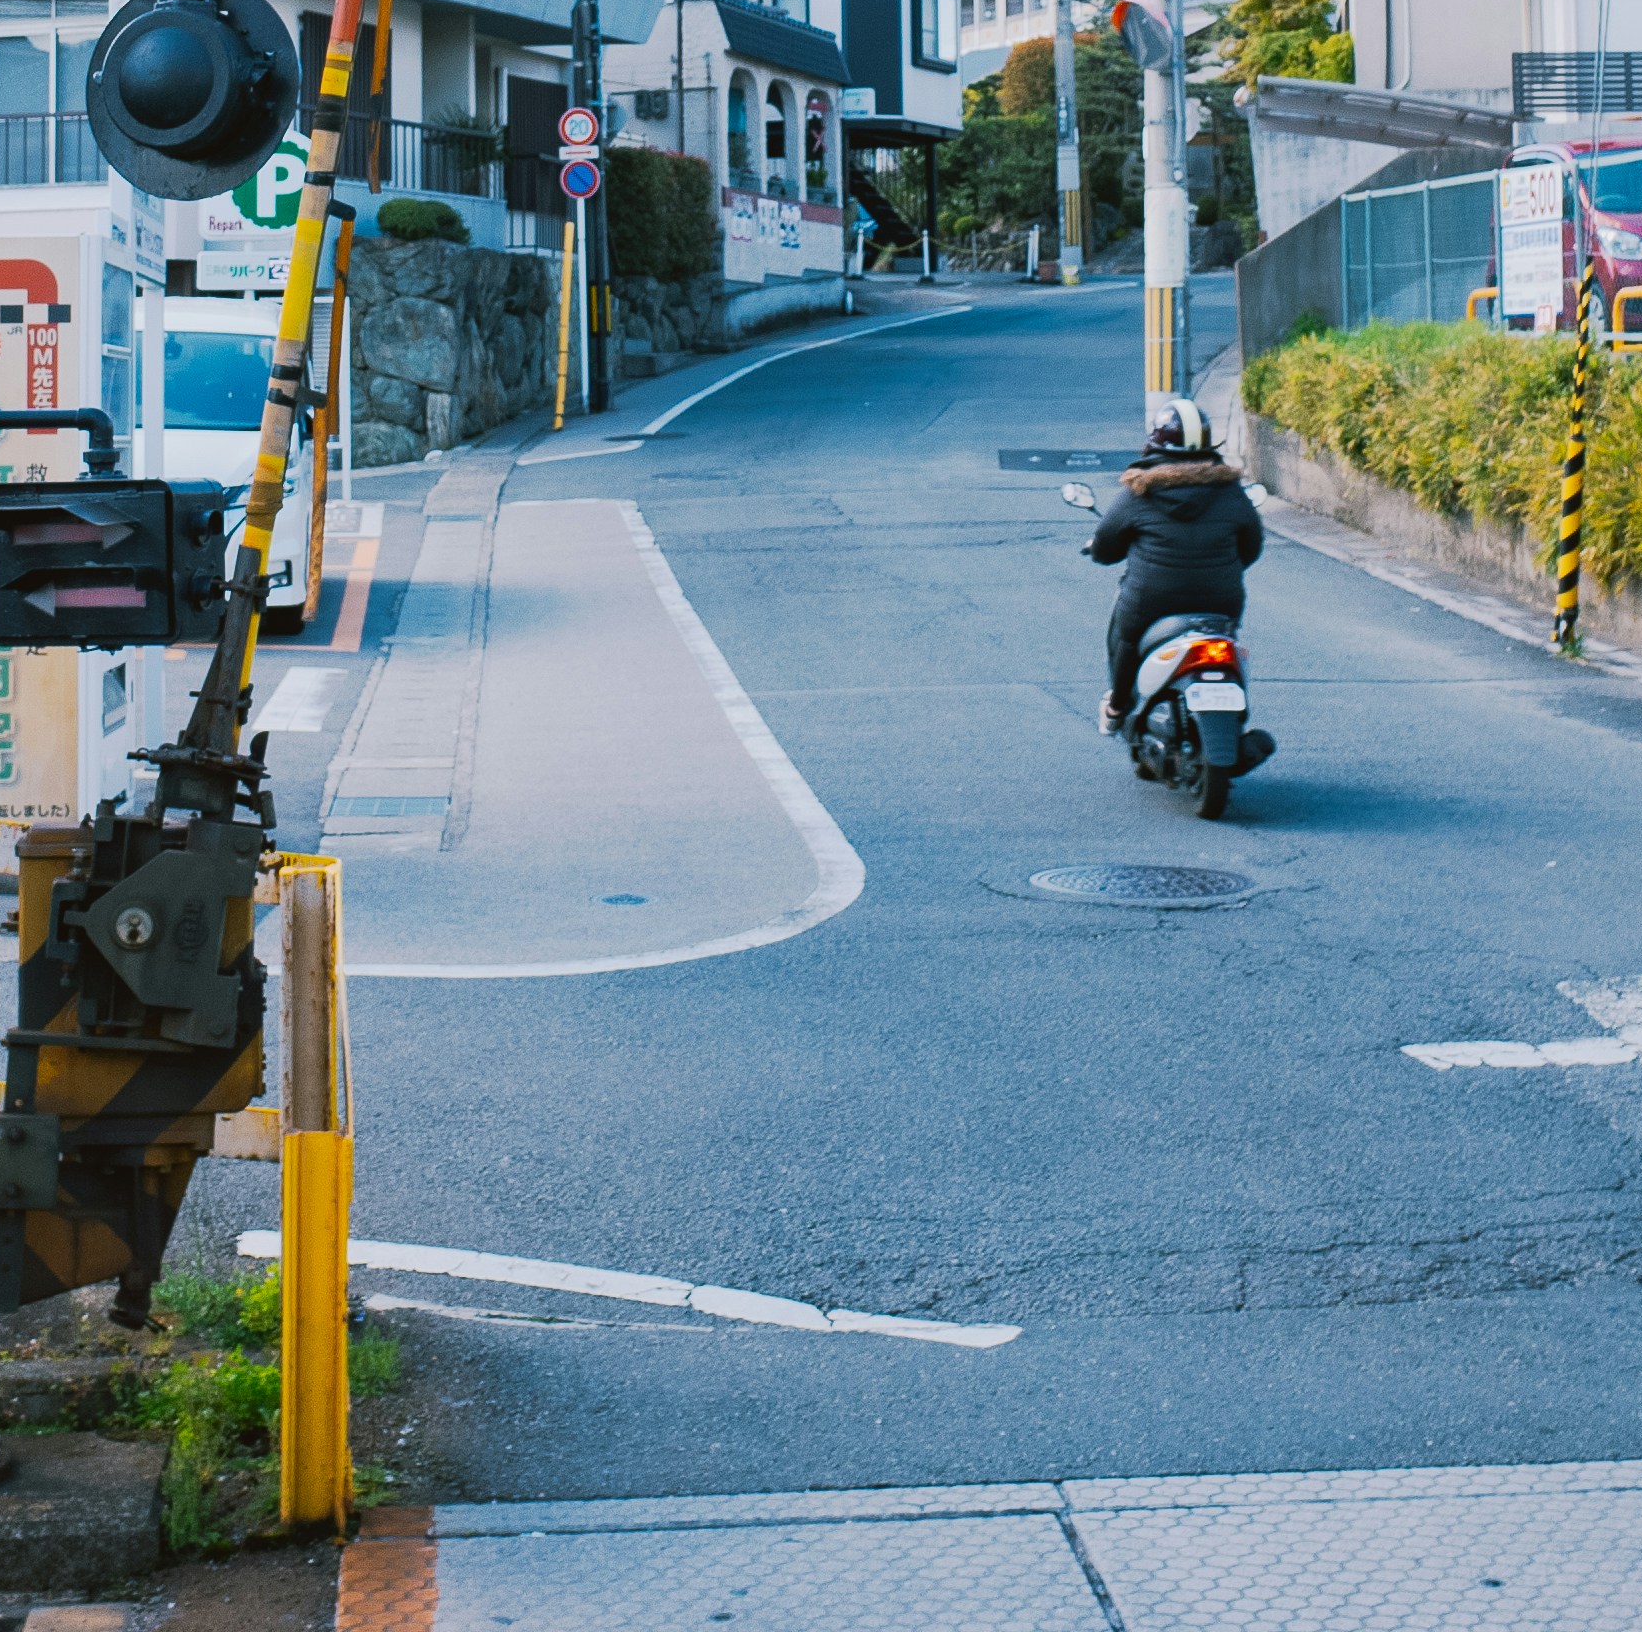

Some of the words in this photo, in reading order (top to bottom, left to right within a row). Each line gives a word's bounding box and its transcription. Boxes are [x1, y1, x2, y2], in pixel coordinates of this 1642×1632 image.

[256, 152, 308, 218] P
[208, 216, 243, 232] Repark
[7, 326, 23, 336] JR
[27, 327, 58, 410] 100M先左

◆ What you need to do
The copy must match the listing above exactly but contain no pictures.

◆ Solution to this exercise
Some of the words in this photo, in reading order (top to bottom, left to right within a row). Each line gives a word's bounding box and its transcription. Boxes are [x1, y1, x2, y2], in pixel coordinates of this 1642×1632 image.

[256, 152, 308, 218] P
[208, 216, 243, 232] Repark
[7, 326, 23, 336] JR
[27, 327, 58, 410] 100M先左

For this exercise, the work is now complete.